Daily Updates

We’ve danced around some delicate topics through theyears; subjects that many didn’t want to hear, much less accept.

We flagged Fannie Mae (FNM) and Freddie Mac (FRE) in 2005 before most folks blinked an eye.

We mused in 2006 that seeds were being sown for something “entirely more depressing than a recession” as the markets climbed a slippery slope.

When we offered that Wall Street was technically insolvent in 2007 — as financial stocks were near all-time highs — we didn’t make many friends.

We argued that an invisible hand was responsible for the unnatural bid to the tape and people thought we fell out of our tree.

When we poohed crude in the midst of the 2008 mania — prior to the 75% oil slick — and shared the variant view that lower energy prices would be equity negative, you could almost see conventional wisdom wince.

Indeed, we’ve made a lot of prescient observations — along with our fair share of mistakes — as we navigated the twists and turns of this wild world.

Class Houses

One of our mainstay observations the last few years has been the percolating societal acrimony and an emerging class war between the “have’s” and “have not’s.”

As I wrote in my 2008 Themes:

“The middle class steadily eroded between the lifestyles of the rich and a struggle to exist. Structurally, my sense is that this dynamic continues. The wealthy will endure on a relative basis as the “other side” gets squeezed. What will change, in my view, is the perception of wealth. Black cards, fast cars and private jets will be frowned upon while philanthropy and other acts of selflessness will be embraced.

Channeling Kevin Depew, I continued, “If the 90s were about wealth, accumulation and consumption, 2008 will continue the mean reversion toward something altogether more austere, if not more sensible. Debt reduction and the rejection of (and guilt projection toward) materialism will continue what began in 2006 and 2007 as meditations on not just doing more with less, but doing less… period.”
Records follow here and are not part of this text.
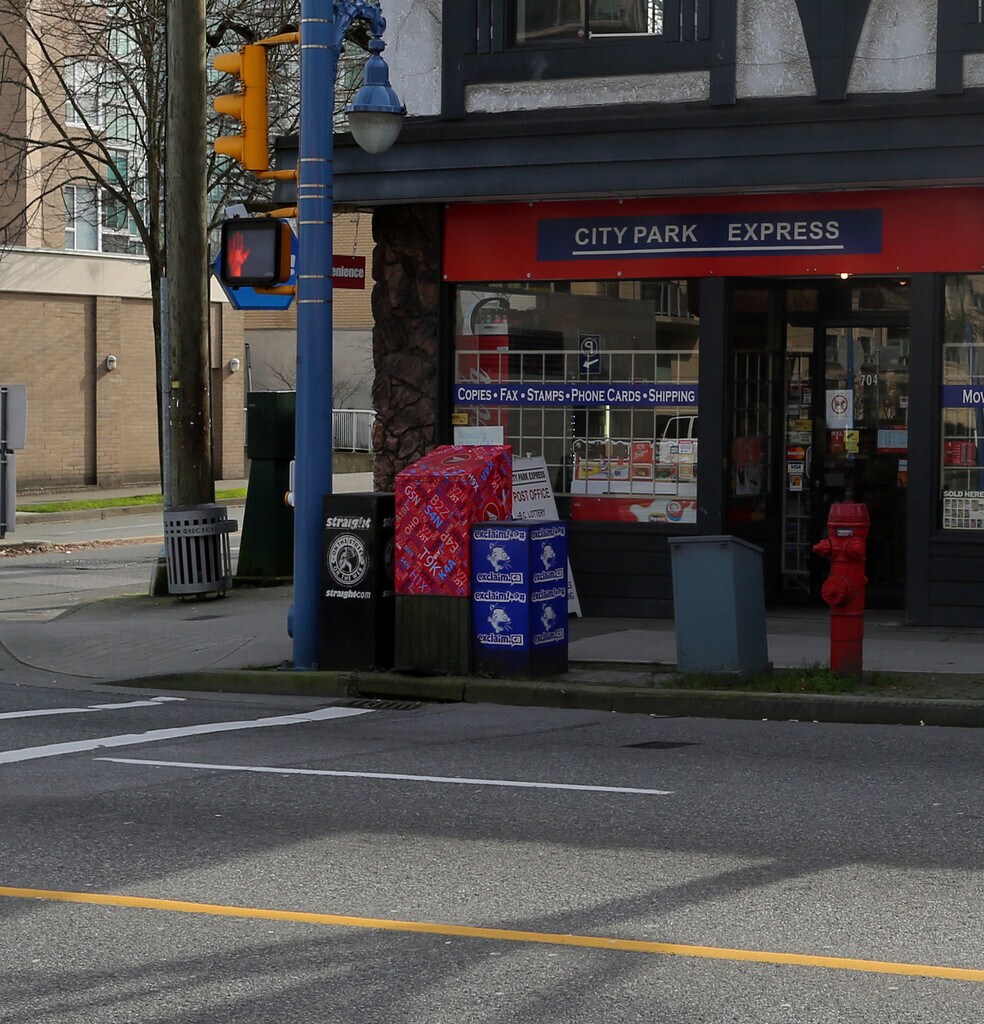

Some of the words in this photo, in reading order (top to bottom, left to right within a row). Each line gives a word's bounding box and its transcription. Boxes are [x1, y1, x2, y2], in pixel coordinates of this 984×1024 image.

[575, 226, 627, 246] CITY
[633, 224, 698, 244] PARK
[727, 221, 841, 242] EXPRESS
[333, 266, 364, 278] enience
[861, 374, 878, 386] 704
[458, 388, 492, 400] COPIES
[500, 388, 518, 400] FAX
[527, 388, 564, 401] STAMPS
[571, 388, 605, 401] PHONE
[607, 388, 641, 402] CARDS
[648, 388, 695, 402] SHIPPING
[518, 473, 528, 481] PARK
[529, 471, 545, 479] EXPRESS
[513, 490, 529, 502] POST
[530, 488, 550, 500] OFFICE
[424, 504, 443, 528] S4N
[528, 509, 545, 518] LOTTERY
[420, 546, 441, 577] T9K
[438, 560, 456, 580] K4A
I continued that thread of thought in this year’s themes when I shared:

“The age of austerity has officially arrived and we’ll see a steady stream of social strife as the rejection of wealth increases in size and scope. While societal acrimony began to percolate last year, this dynamic will manifest through social unrest and geopolitical conflict as we edge ahead.”
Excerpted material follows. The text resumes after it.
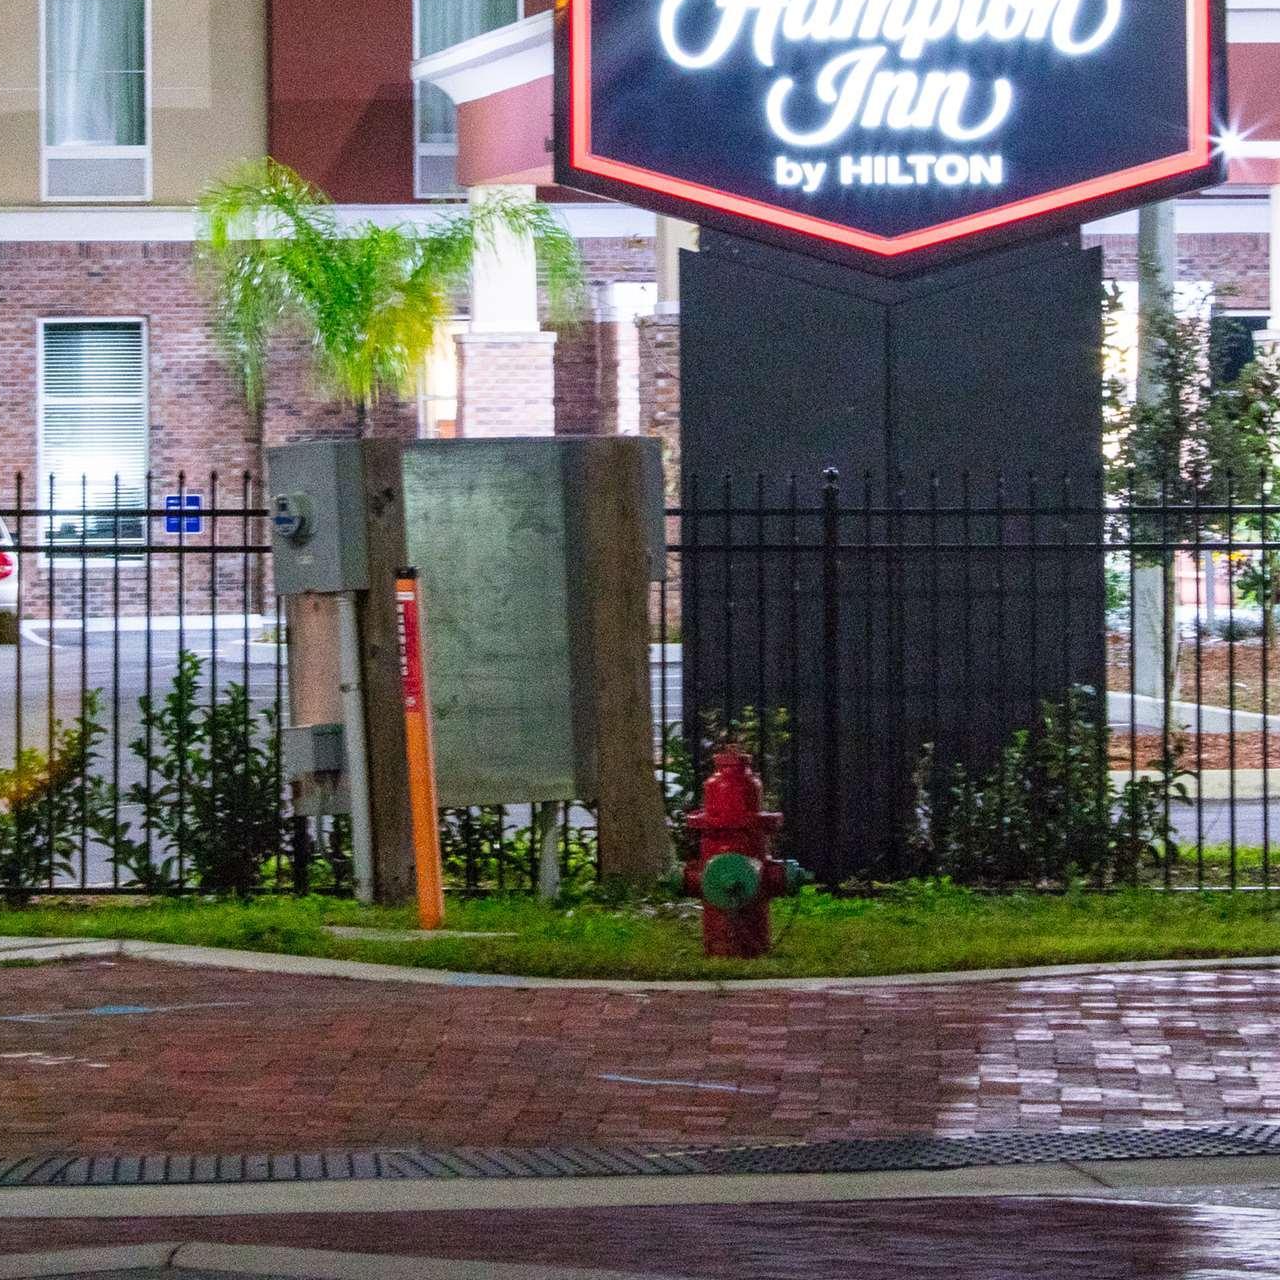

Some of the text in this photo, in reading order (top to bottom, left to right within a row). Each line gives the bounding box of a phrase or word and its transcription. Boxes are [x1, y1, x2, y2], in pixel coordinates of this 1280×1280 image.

[766, 46, 1013, 147] Inn
[775, 154, 1002, 192] by HILTON
Now, please understand I’m an optimistic person at heart. The mission of Minyanville is to effect positive change through financial understanding, not beat a steady drum of dire predictions.

It’s not always fun — and not always right — but as I told a producer in September 2008 when she whispered in my ear to be “more optimistic,” immediately preceding the financial meltdown, my opinion isn’t for sale.

What’s my point? Glad you asked; I sometimes have a tendency to go on tangents.

We’re not in Kansas anymore. What was once a craft — trading was an art, not a science — has turned into a polarizing profession predicated on predicting unforeseen actions of government entities and the corporatocracies they protect.

This isn’t sour grapes or a random rant; it’s simply what is, whether we like it or not.

Of Mice and Markets

Free market capitalism; the mere mention invokes deep-rooted responses.

For some, it’s a longing for simpler times when an assimilation of primary trading metrics allowed for honest pay after a long day. For others, it’s an opportunity to unleash vitriolic criticism on anyone and anything associated with Wall Street. Pick a side or stand aside, people, the nation is dividing as we speak.

I believe history books may one day look back at Shock & Awe — or perhaps, 9/11 — as the beginning of WW3 when it was broadcast on CNN.

I’m not talking about a nuclear winter; I’m simply saying the entire global dynamic seismically shifted in that short stretch of time and the needle is now pointing towards an entirely unfortunate direction.

Societal acrimony to social unrest to geopolitical conflict; it’s a trifecta that won’t pay off for anyone.

I share these thoughts with genuine intentions. When I read stories about Goldman Sachs (GS) employees arming themselves with pistols so they’re equipped to defend against a populist uprising, I take notice.

When I see Ahmadinejad thumb his nose at the US and Russia — and call out Israel, which already has an itchy trigger finger — I take notice.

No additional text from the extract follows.